Pasien sembuh COVID-19 di Bangka Barat capai 97,2 persen

id Bangka Barat

Pasien sembuh COVID-19 di Bangka Barat capai 97,2 persen

Program serbuan vaksinasi COVID-19 di Kbaupaten Bangka Barat terus digencarkan untuk membentuk "herd immunity". (ANTARA/ Donatus Dasapurna)

Bangka Barat, Babel (ANTARA) - Satuan Tugas Penanganan COVID-19 Kabupaten Bangka Barat, Kepulauan Bangka Belitung, mencatat pasien sembuh mencapai 5.417 orang atau 97,2 persen dari 5.572 kasus warga yang terkonfirmasi terinfeksi virus corona baru sejak awal pandemi hingga kini.

"Jumlah kesembuhan ini cukup tinggi dan kami berharap jumlah warga yang terpapar virus semakin berkurang," kata Juru Bicara Satgas Penanganan COVID-19 Bangka Barat, M. Putra Kusuma di Mentok, Bangka Barat, Rabu.

Sebanyak 5.417 warga yang sembuh COVID-19 tersebut terbanyak berasal dari Kecamatan Mentok 2.597, selanjutnya Jebus 892, Parittiga 658, Tempilang 651, Kelapa 331 dan Simpangteritip 288 orang.

"Sebanyak 5.417 pasien sembuh tersebut termasuk tambahan satu pasien dari Kecamatan Kelapa yang hari ini dinyatakan sembuh," katanya.

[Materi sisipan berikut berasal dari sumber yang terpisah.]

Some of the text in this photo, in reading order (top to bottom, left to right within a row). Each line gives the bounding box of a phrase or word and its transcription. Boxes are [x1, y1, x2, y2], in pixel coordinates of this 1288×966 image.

Untuk tambahan kasus baru warga yang dinyatakan terkonfirmasi positif COVID-19 hari ini sebanyak tiga orang seluruhnya warga Kecamatan Jebus sehingga total pasien wajib isolasi menjadi 19 orang.

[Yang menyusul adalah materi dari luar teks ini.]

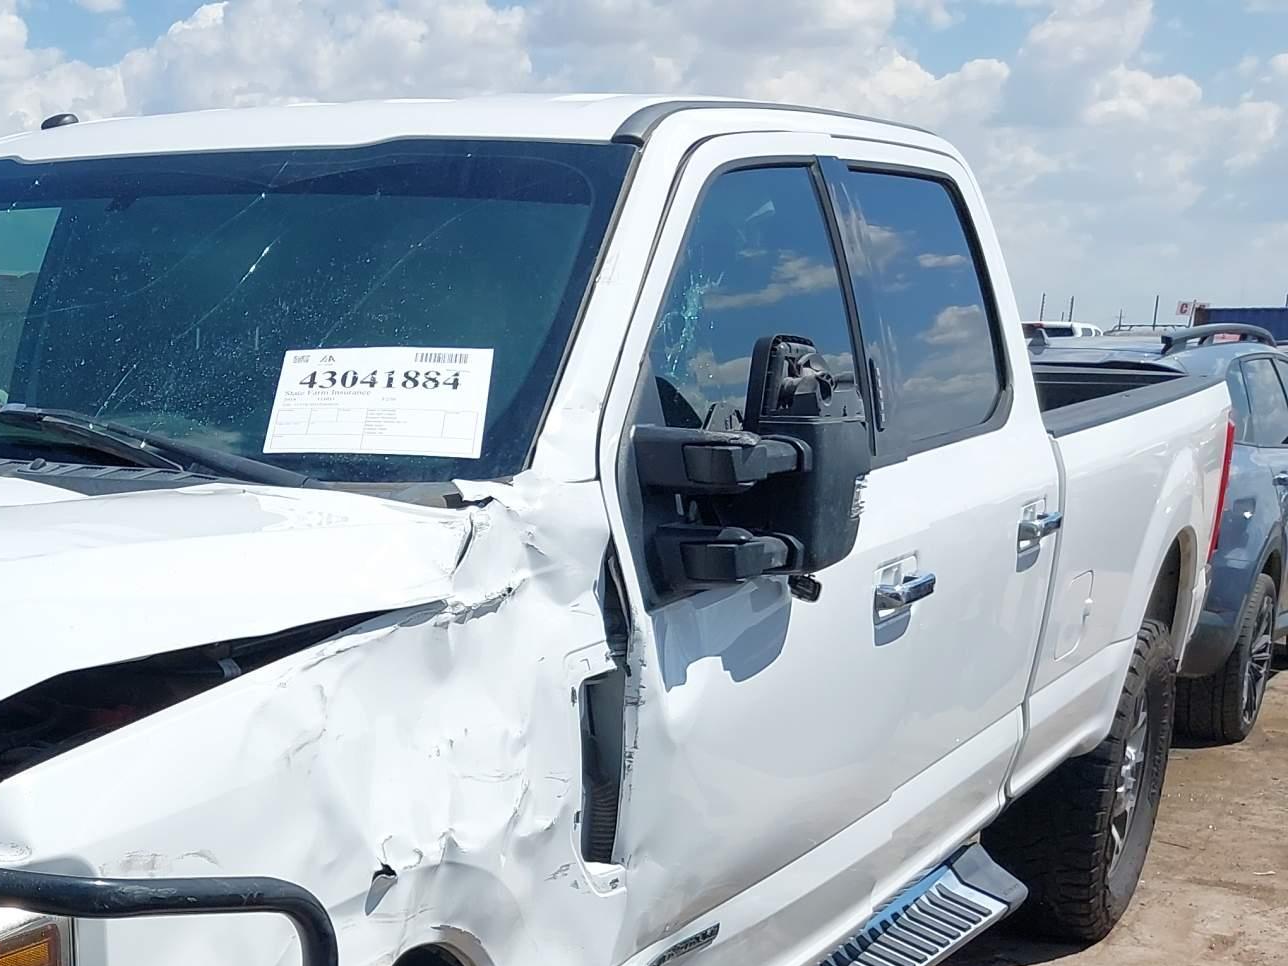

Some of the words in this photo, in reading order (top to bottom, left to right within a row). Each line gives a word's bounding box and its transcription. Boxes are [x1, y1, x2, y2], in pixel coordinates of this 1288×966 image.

[298, 369, 462, 390] 43041884
[307, 389, 330, 397] Farm
[331, 389, 372, 397] Insurance
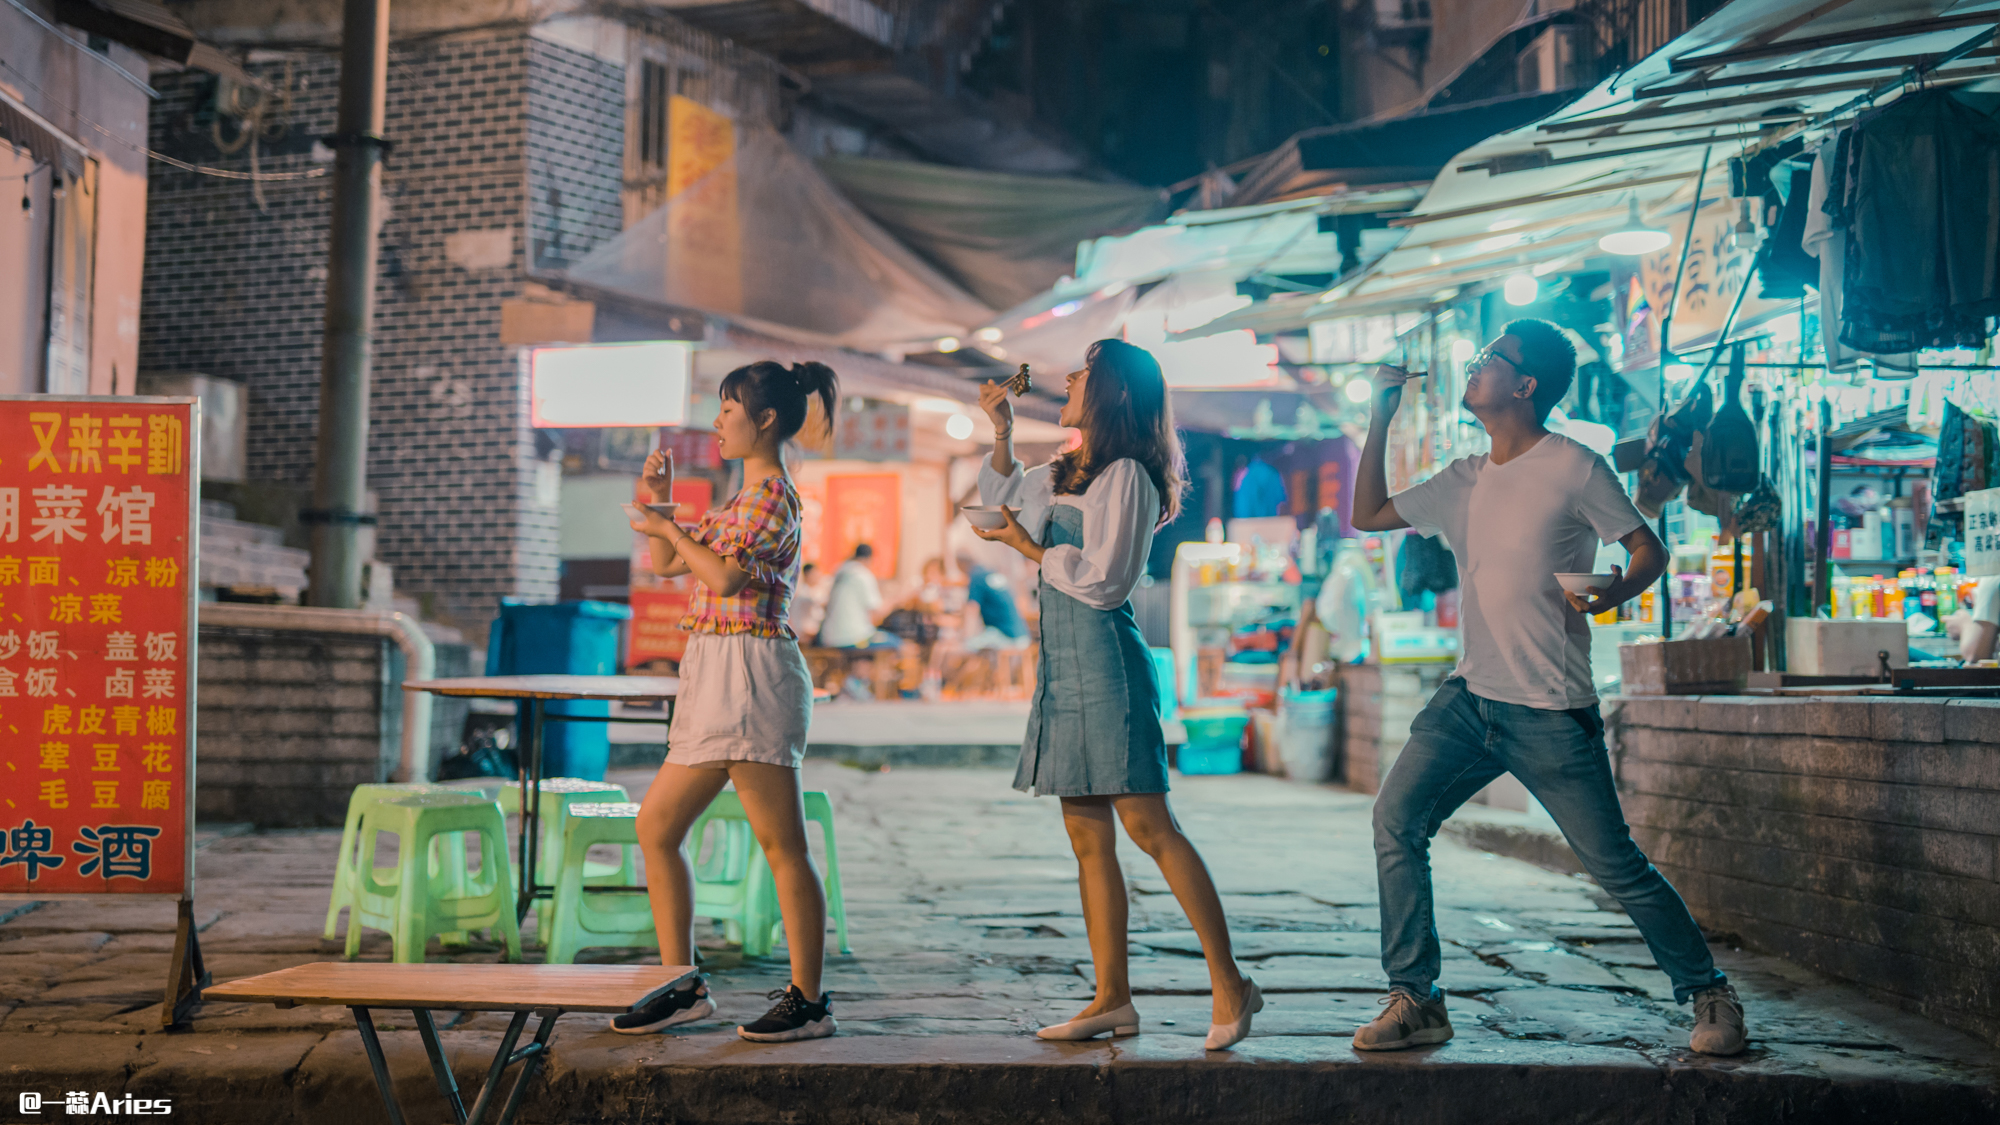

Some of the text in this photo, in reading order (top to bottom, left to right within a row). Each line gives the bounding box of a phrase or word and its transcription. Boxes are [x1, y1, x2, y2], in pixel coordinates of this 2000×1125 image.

[28, 411, 182, 475] 又来辛勤
[0, 818, 162, 881] 啤酒

"Sebanyak 19 orang pasien wajib isolasi itu berasal dari Simpangteritip dua orang, Jebus 10, Parittiga tiga orang dan Tempilang empat orang. Dua kecamatan tidak ada lagi pasien isolasi, yaitu Mentok dan Kelapa," katanya.

Sedangkan pasien meninggal dunia hari ini tidak terjadi penambahan kasus baru sehingga jumlah masih tetap 136 kasus.

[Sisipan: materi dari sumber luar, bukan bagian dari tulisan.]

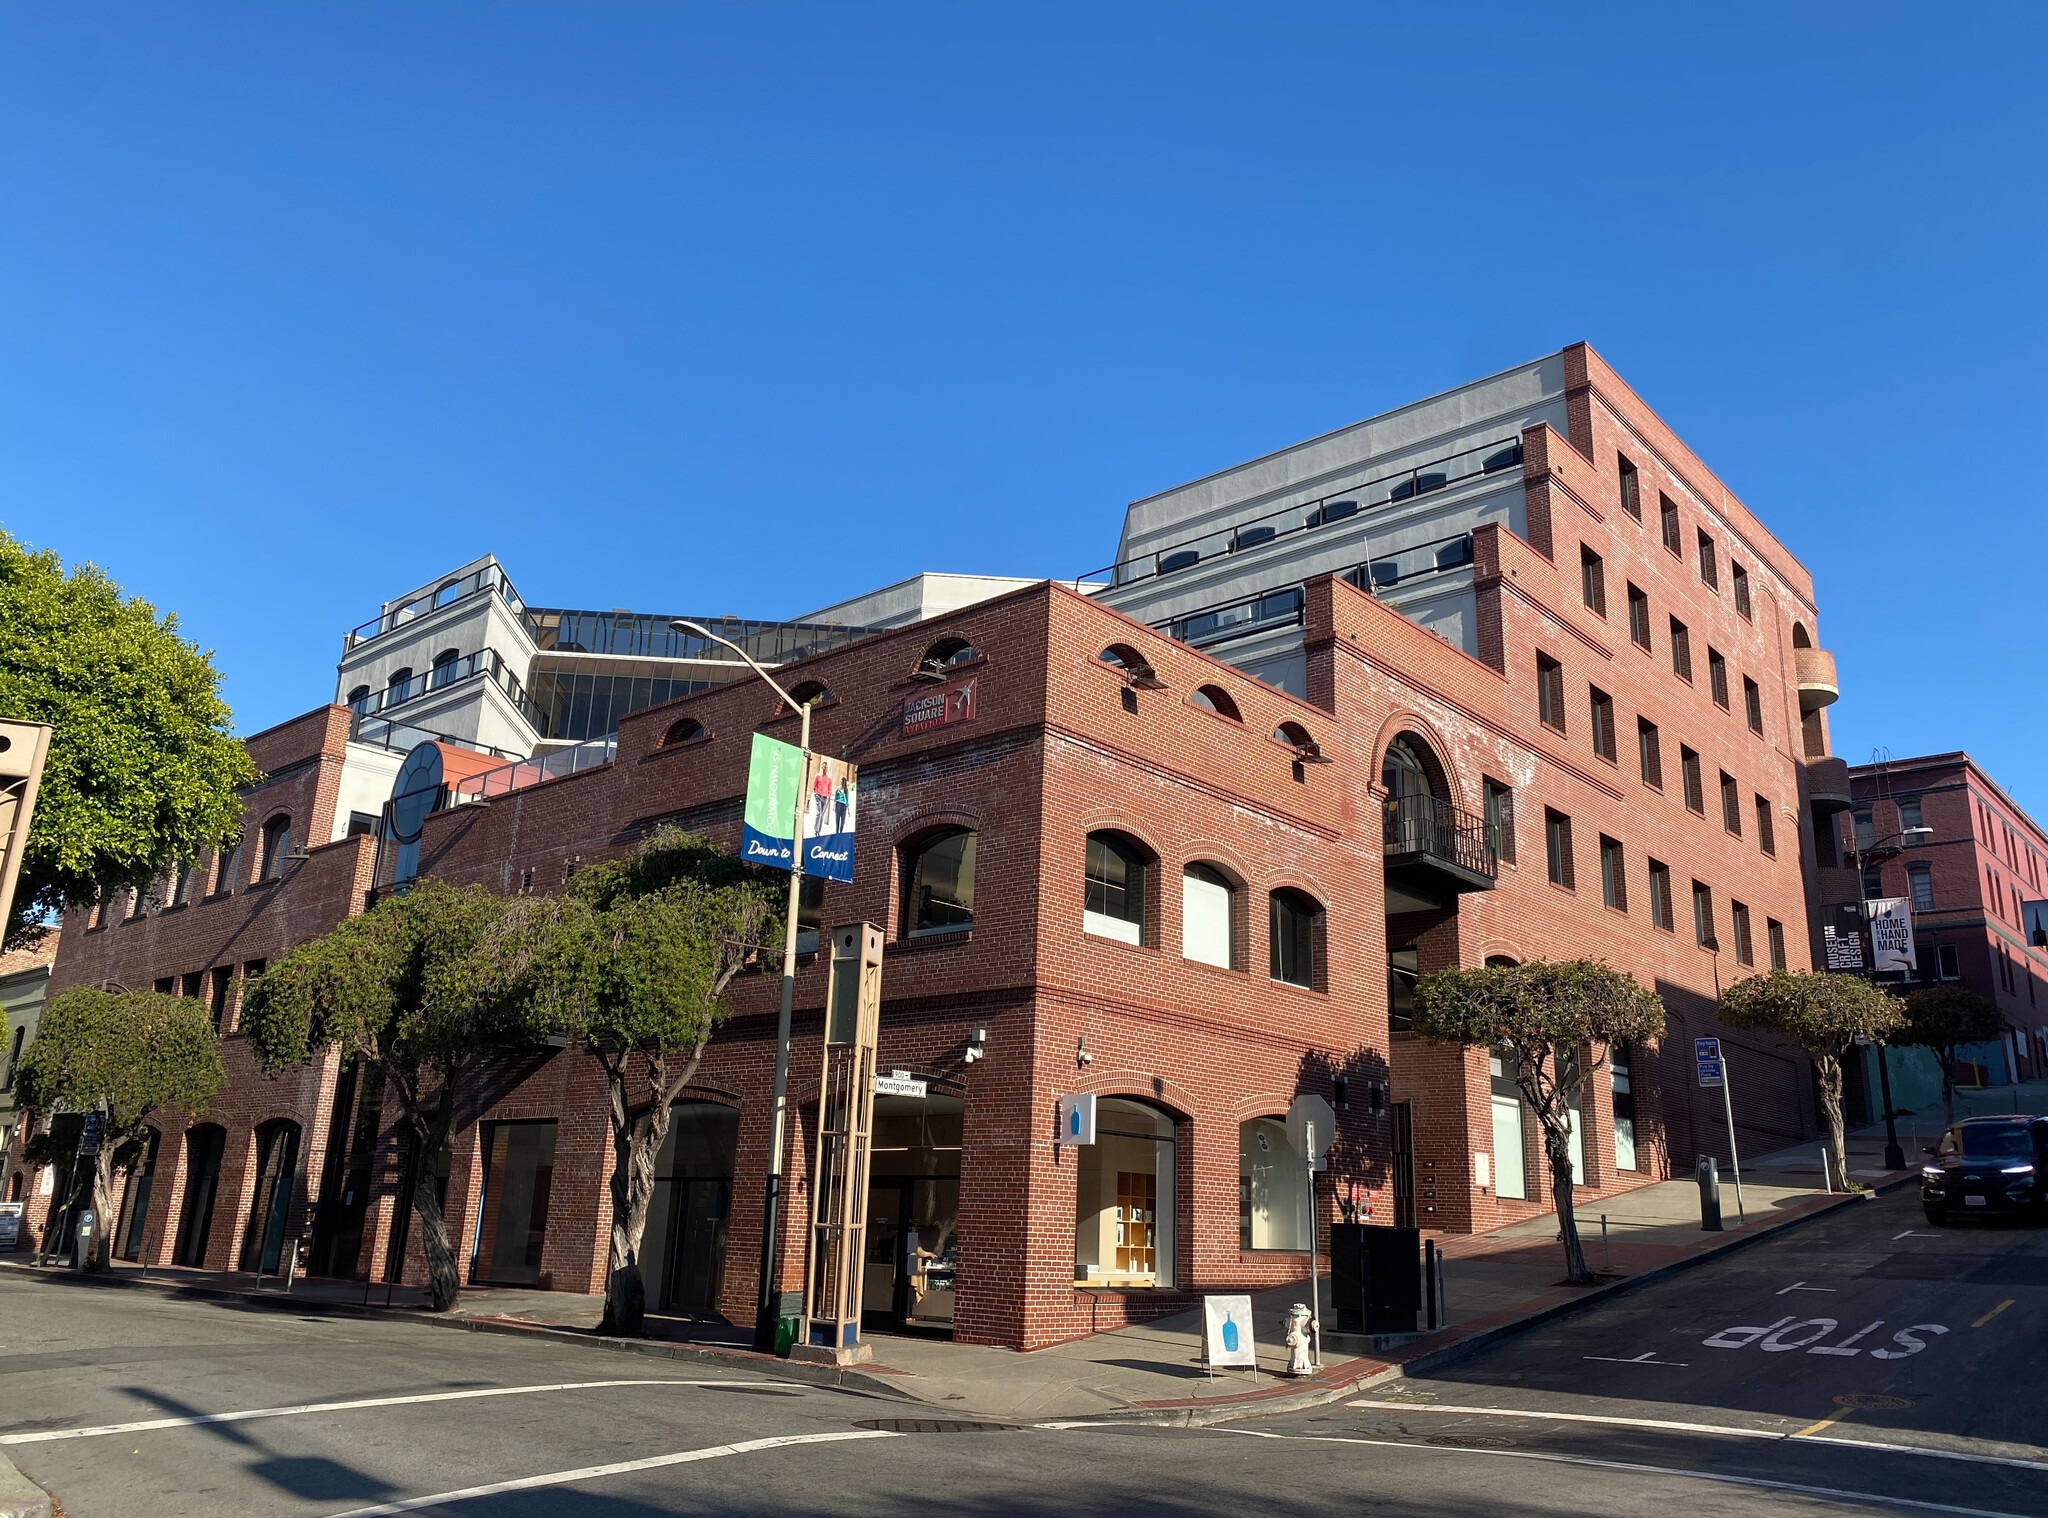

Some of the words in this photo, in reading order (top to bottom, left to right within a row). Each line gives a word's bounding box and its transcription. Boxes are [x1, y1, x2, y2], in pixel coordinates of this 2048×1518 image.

Dalam beberapa pekan terakhir di Kabupaten Bangka Barat jumlah kasus baru terus menurun, namun warga diminta tetap waspada dan disiplin menjalankan protokol kesehatan 5M sebagai upaya pencegahan penularan virus.

Selain itu, penerapan pola hidup bersih dan sehat juga perlu terus dijaga guna menjaga stamina dan kesehatan tubuh masing-masing.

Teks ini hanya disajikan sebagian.